One with the crowd, he felt its galvanic jerk of ugliness pass through himself. The murmur of protest that now arose from the open mouths was like something from himself—as if his mouth, too, were open with sound. A bearded native in soiled white garments turned suddenly and pressed him back. This man had felt a stone under his bare foot and he was making room to reach down to pick it up. Dicky saw his fingers stretch toward the muck. He understood. Here was one of the primal impulses of the human body in a stress of fear and hate. Far ahead, the English officers roared commands for the natives to go back. The voices of native leaders standing with the English, also implored the people to disperse. But the people had their faryad. They wanted talk. Also there were dead and wounded on the earth before the eyes of the front ranks. Another volley sounded.
Instead of being driven back by the second pelting of shots, the native crowd crushed its way across the bridge. In the opening on the other side, it halted, now in the Civil Lines, no longer jammed by the narrow rails of the bridge. The throng had not yet become insensate; no individual had seized the office of leadership. This was the instant of all to Dicky Cobden, the turning point. The native gathering might still have been reasoned with, as it stood leaderless, looking upon its own dead; but instead of reason, came the third volley from the soldiers and police, the prod of the ankus that turned the elephant musth.
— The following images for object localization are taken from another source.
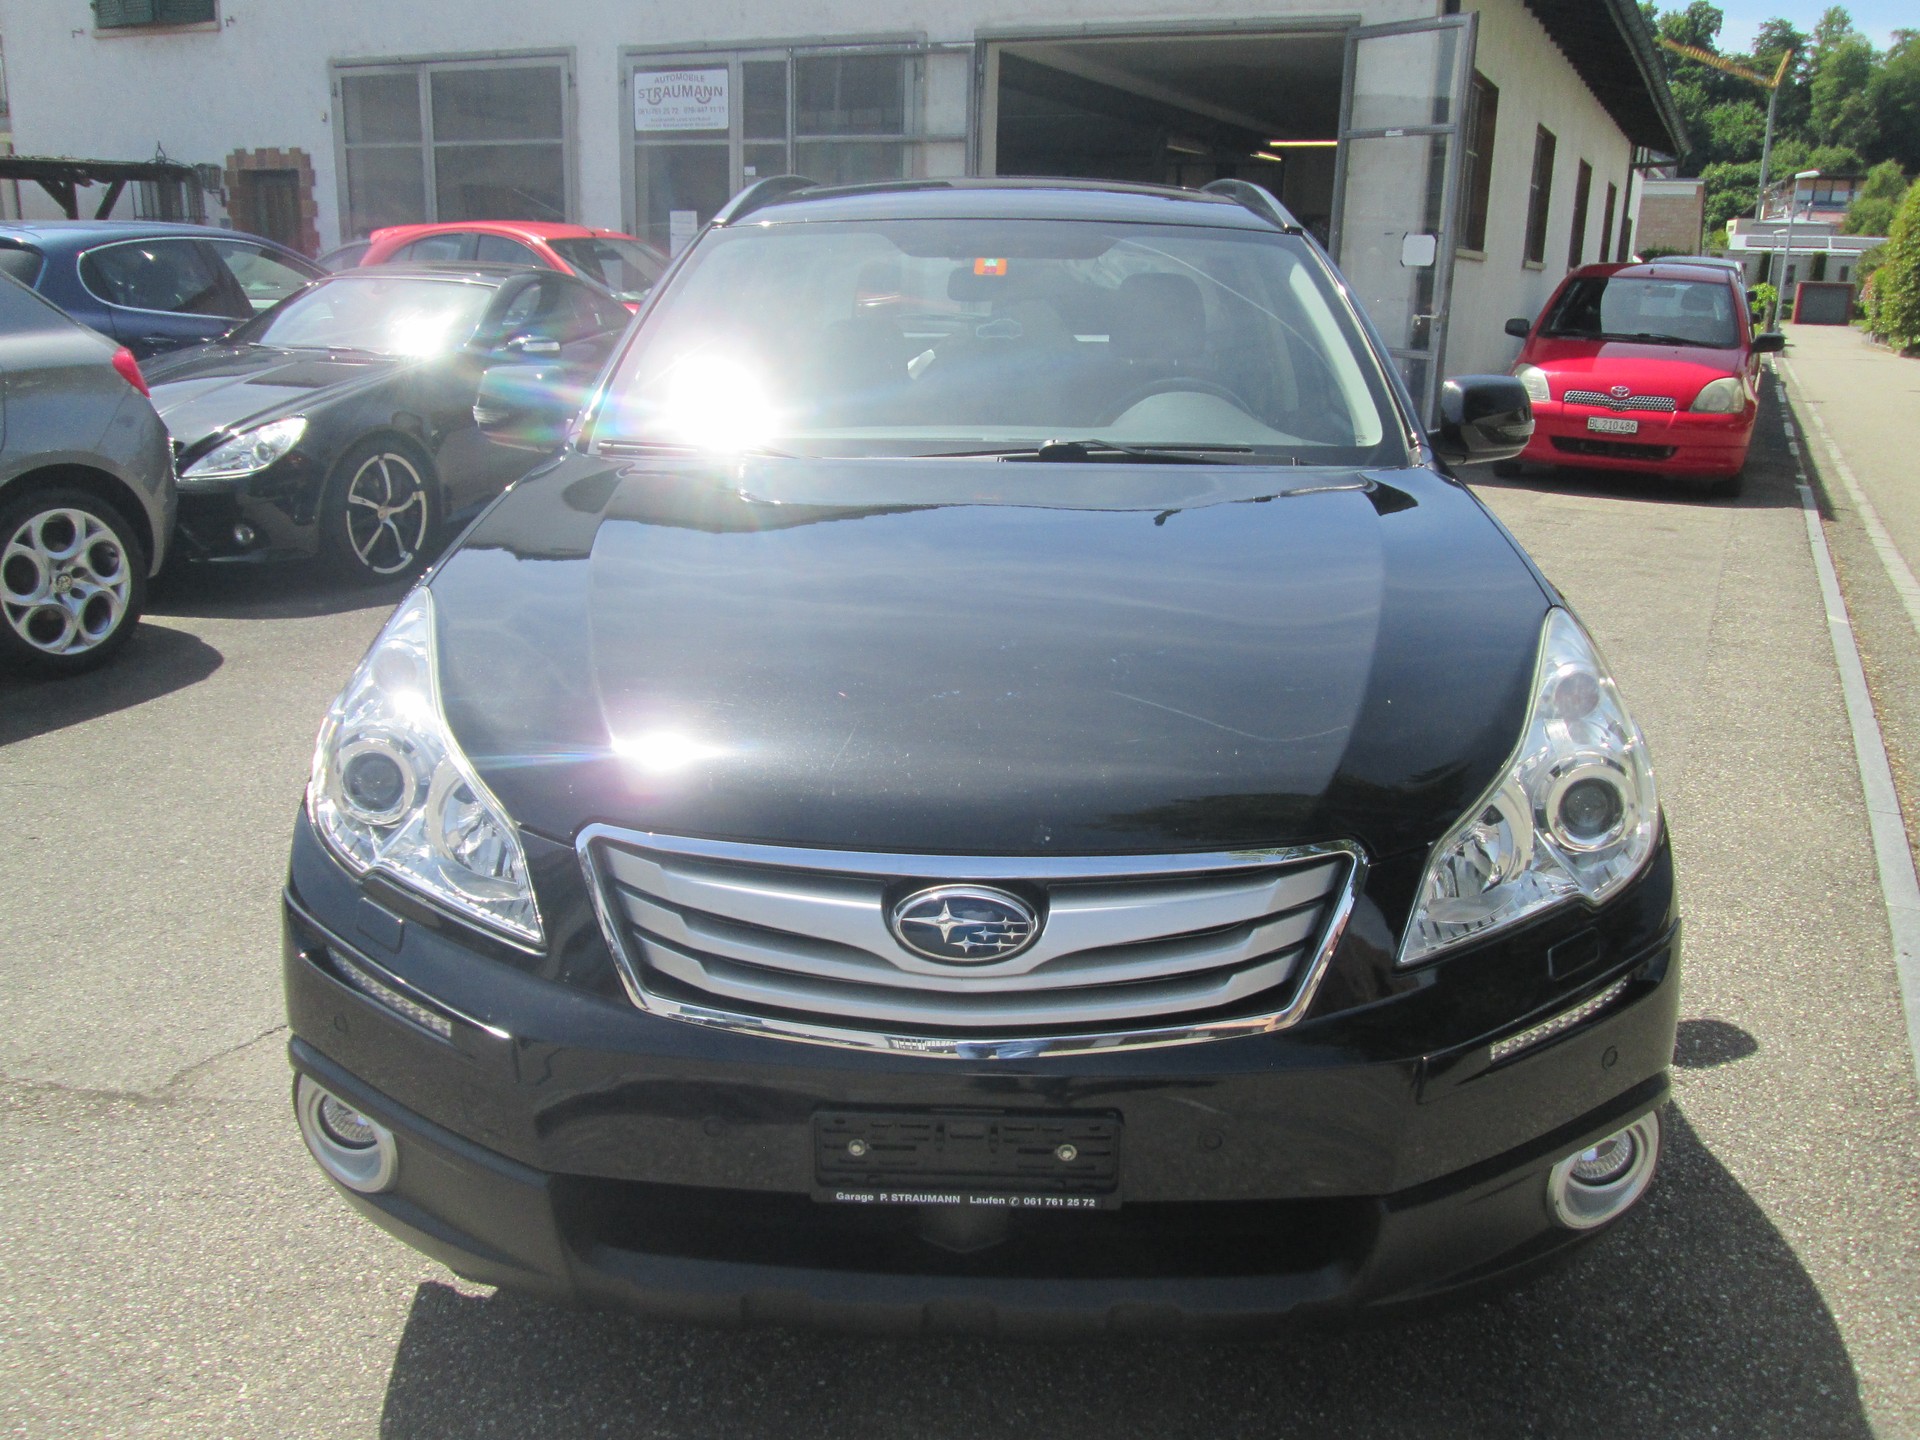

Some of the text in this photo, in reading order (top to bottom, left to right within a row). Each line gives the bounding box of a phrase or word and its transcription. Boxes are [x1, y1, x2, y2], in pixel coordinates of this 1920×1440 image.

[654, 73, 705, 83] AUTOMOBILE
[638, 85, 723, 99] STRAUMANN
[1589, 418, 1599, 429] BL
[836, 1192, 874, 1202] Garage
[880, 1193, 888, 1201] P.
[891, 1193, 961, 1203] STRAUMANN
[969, 1195, 1006, 1204] Laufen
[1023, 1197, 1042, 1206] 061
[1045, 1198, 1063, 1206] 761
[1082, 1199, 1096, 1207] 72
The shuddering of revolt that the people felt passed through Richard Cobden as well—whipped up in his own breast. Then he was carried forward with the mob. Nothing gentle or yielding about the bodies now, a rough, bruising, muscular mass pushed from behind by incredible power.
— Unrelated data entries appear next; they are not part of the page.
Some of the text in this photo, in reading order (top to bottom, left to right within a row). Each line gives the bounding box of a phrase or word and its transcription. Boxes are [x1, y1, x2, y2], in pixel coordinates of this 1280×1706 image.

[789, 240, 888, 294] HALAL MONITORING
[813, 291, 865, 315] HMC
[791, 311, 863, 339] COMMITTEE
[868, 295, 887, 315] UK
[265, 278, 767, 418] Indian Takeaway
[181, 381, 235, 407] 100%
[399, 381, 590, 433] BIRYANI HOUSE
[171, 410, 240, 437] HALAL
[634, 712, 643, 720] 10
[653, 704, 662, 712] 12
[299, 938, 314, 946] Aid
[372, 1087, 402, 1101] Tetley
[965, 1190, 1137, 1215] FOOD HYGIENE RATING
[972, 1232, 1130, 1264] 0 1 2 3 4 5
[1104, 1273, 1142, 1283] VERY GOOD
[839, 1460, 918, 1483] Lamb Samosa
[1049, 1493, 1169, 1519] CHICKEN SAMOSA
Dicky glanced about to look for Lala Relu Ram, and that instant was whacked to the ground, a slug from the pistol of one of the troopers, gouging his left shoulder. He arose to one knee, still turned back, a laugh on his lips, looking for the student.
And now a most extraordinary shock was meted out to the son of the trowel makers. A running native with gray, patchy face, completely carried away by mob impulse, halted, stood above the kneeling white man, struck him in the face with both hands, emptying his mouth at the same time. Some of the natives immediately behind, without questioning but that Dicky was one of the English, now tramped over his body as they ran. Though fallen, he still preserved a final waver of consciousness—face down, head covered in his arms. Finally he was caught by the arm and jerked to the side.
It was Lala Relu Ram who had pulled him out of the crowd and looked down into a face covered with blood and mud, and a welt or two. The only white about that face now was the lips which smiled and repeated a word which the Hindu student had never heard in all his linguistic studies of the East and West.
XLIII
HATHIS LAMENTS
DICKY really came to back in an apothecary shop on the way to the Golden Temple, where Lala Relu Ram had carried him. The filth of that face that had opened upon him as he looked up from his knee—a shudder about that, something he would never be able to tell. It had been uglier to take than the blows. As moments dragged on, he fell to wishing Nagar would come. A curious wonder played incessantly in his mind about the twisted ascetic under the mango trees in Cawnpore, but where was the wall? The crystal gazer had repeated that the thing which was to befall would be within a wall.
“... The bullet didn’t think enough of you to stay, Mr. Cobden,” the young English surgeon said after examination. “It merely bit out a chunk of muscle and went its way. Since there is no cavity for it to drain into, it means nothing but a stitch or two, and a clean bandage. But you’ve been considerably mashed about the face. There’s going to be a strain on your drainage system for a few days to carry off dead tissue.”
He was taken to his room at the Inn, much bandaged, and Lala Relu Ram sat by his bedside, his face often turned to the open window that looked out over the street.